Which lines run from the one containing "this 2048×1365 image." to the end of the records? Write them out exactly, both ends included, and nothing else.

= = =

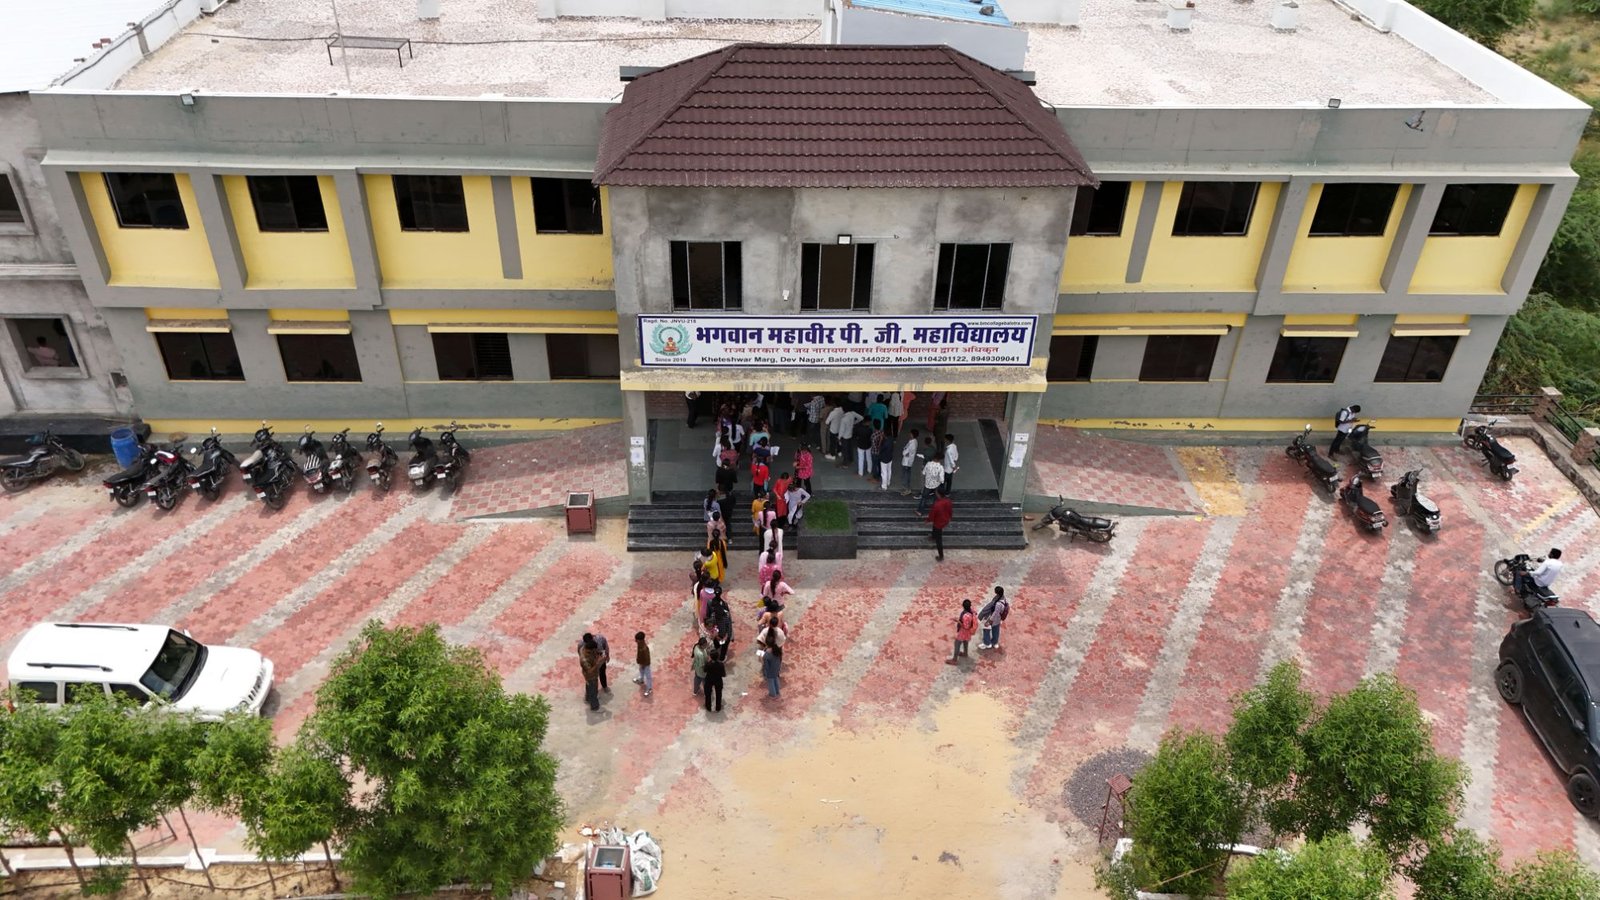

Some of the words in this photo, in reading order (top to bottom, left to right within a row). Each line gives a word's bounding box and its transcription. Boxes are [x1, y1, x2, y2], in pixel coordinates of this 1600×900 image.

[696, 327, 764, 344] भगवान
[767, 322, 836, 344] महावीर
[840, 322, 868, 344] पी.
[874, 322, 906, 344] जी.
[912, 322, 1028, 344] महाविद्यालय
[962, 346, 999, 354] अधिकृत
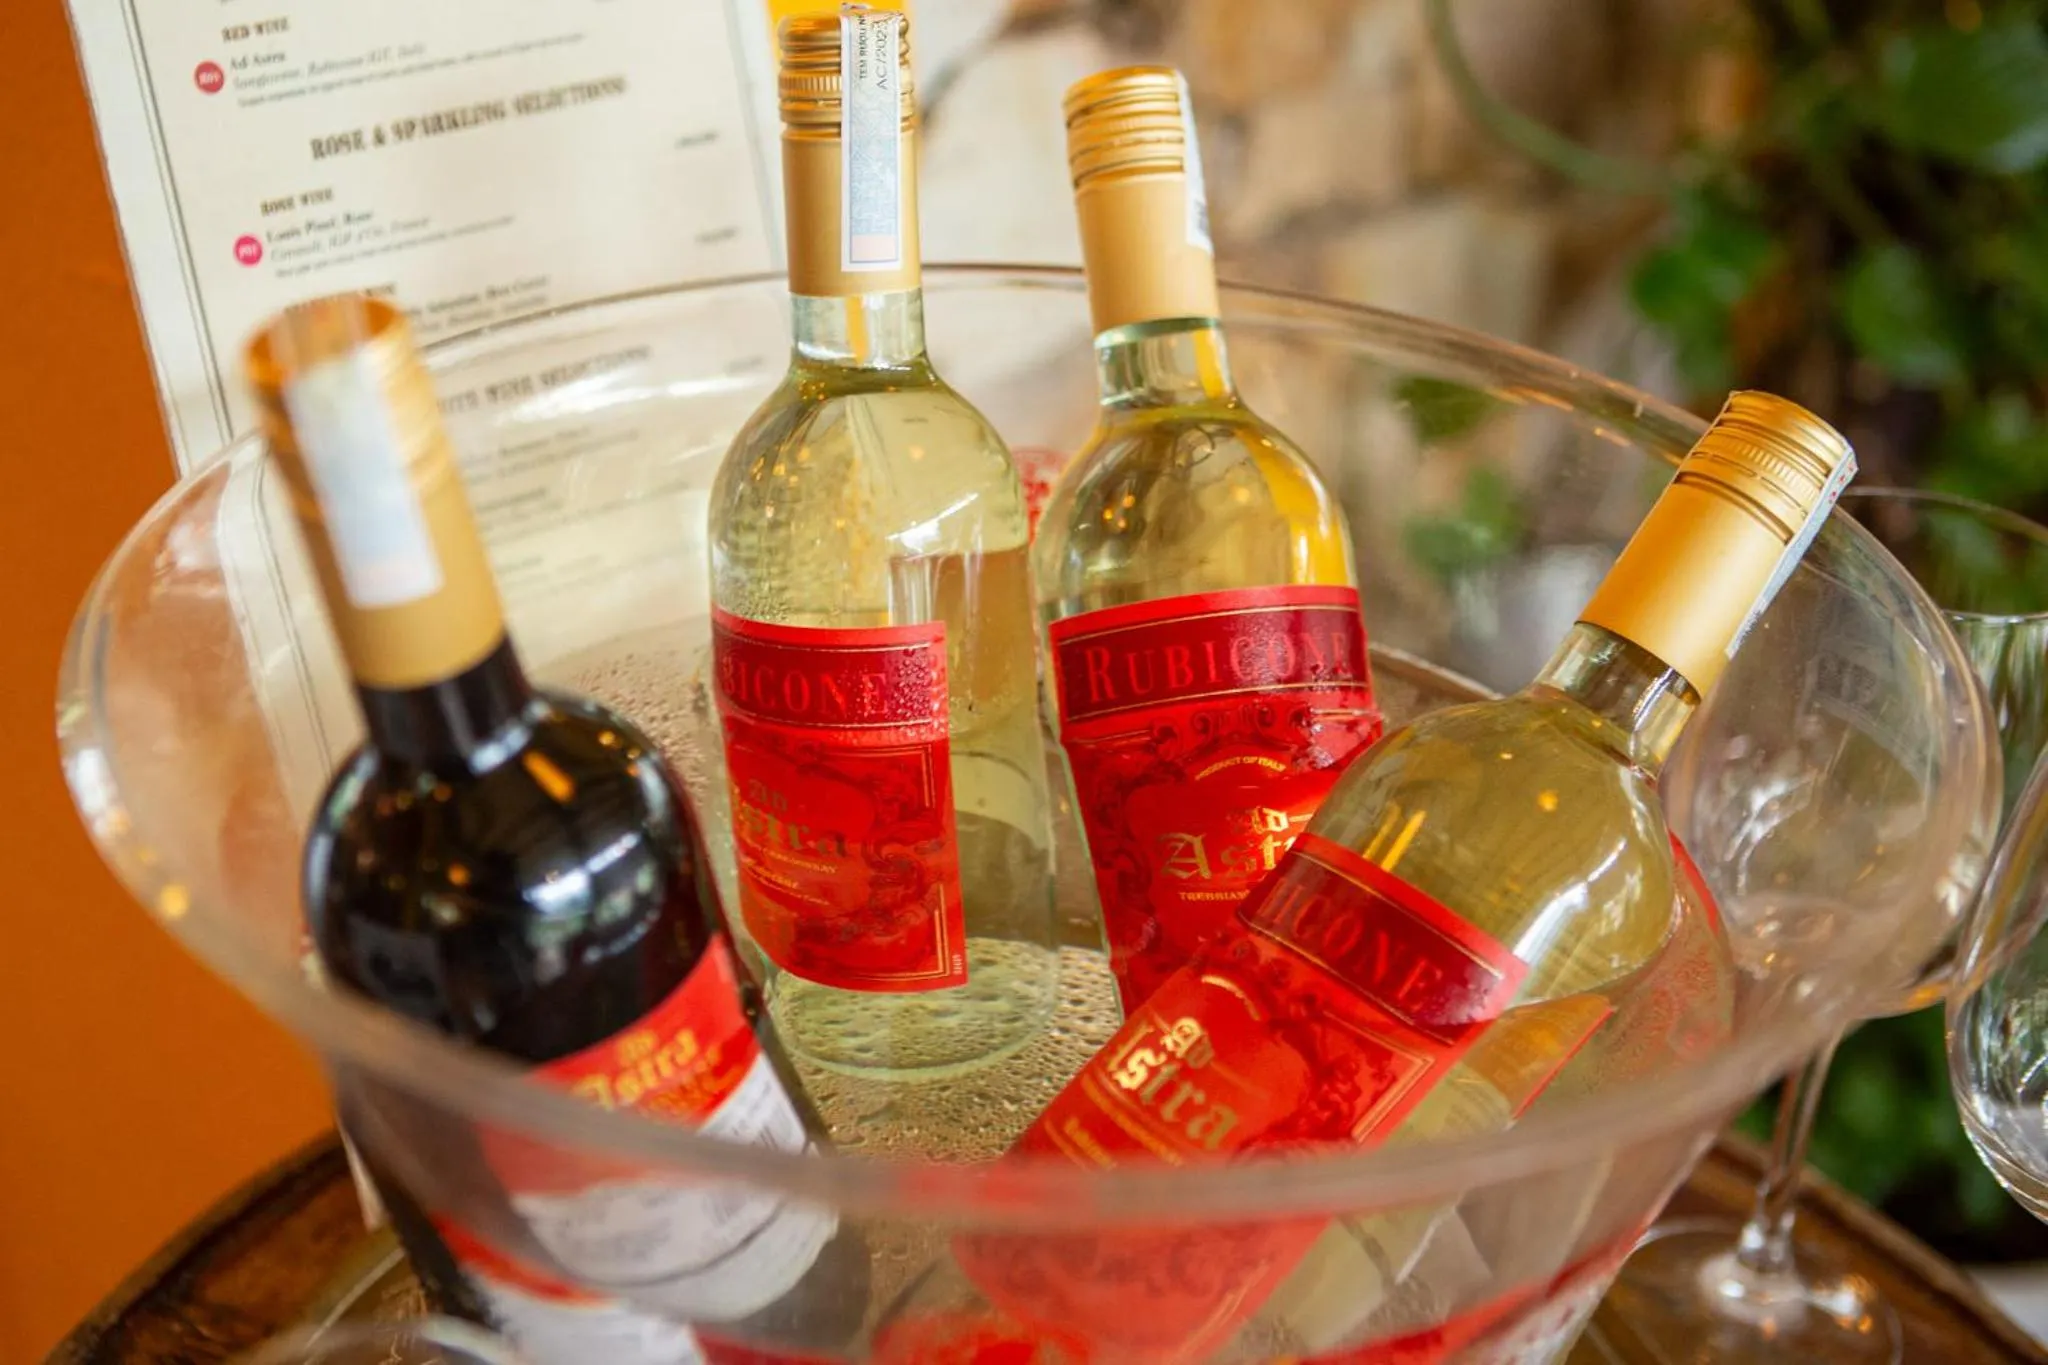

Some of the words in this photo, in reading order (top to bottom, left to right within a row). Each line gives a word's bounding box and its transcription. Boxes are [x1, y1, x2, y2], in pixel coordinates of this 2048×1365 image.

[221, 26, 250, 42] RED
[253, 17, 289, 35] WINE
[373, 123, 386, 147] &
[391, 98, 507, 142] SPARKLING
[1085, 631, 1354, 703] RUBICONE

= = =

**Expected output**
Some of the words in this photo, in reading order (top to bottom, left to right within a row). Each line gives a word's bounding box and its transcription. Boxes are [x1, y1, x2, y2], in pixel coordinates of this 2048×1365 image.

[221, 26, 250, 42] RED
[253, 17, 289, 35] WINE
[373, 123, 386, 147] &
[391, 98, 507, 142] SPARKLING
[1085, 631, 1354, 703] RUBICONE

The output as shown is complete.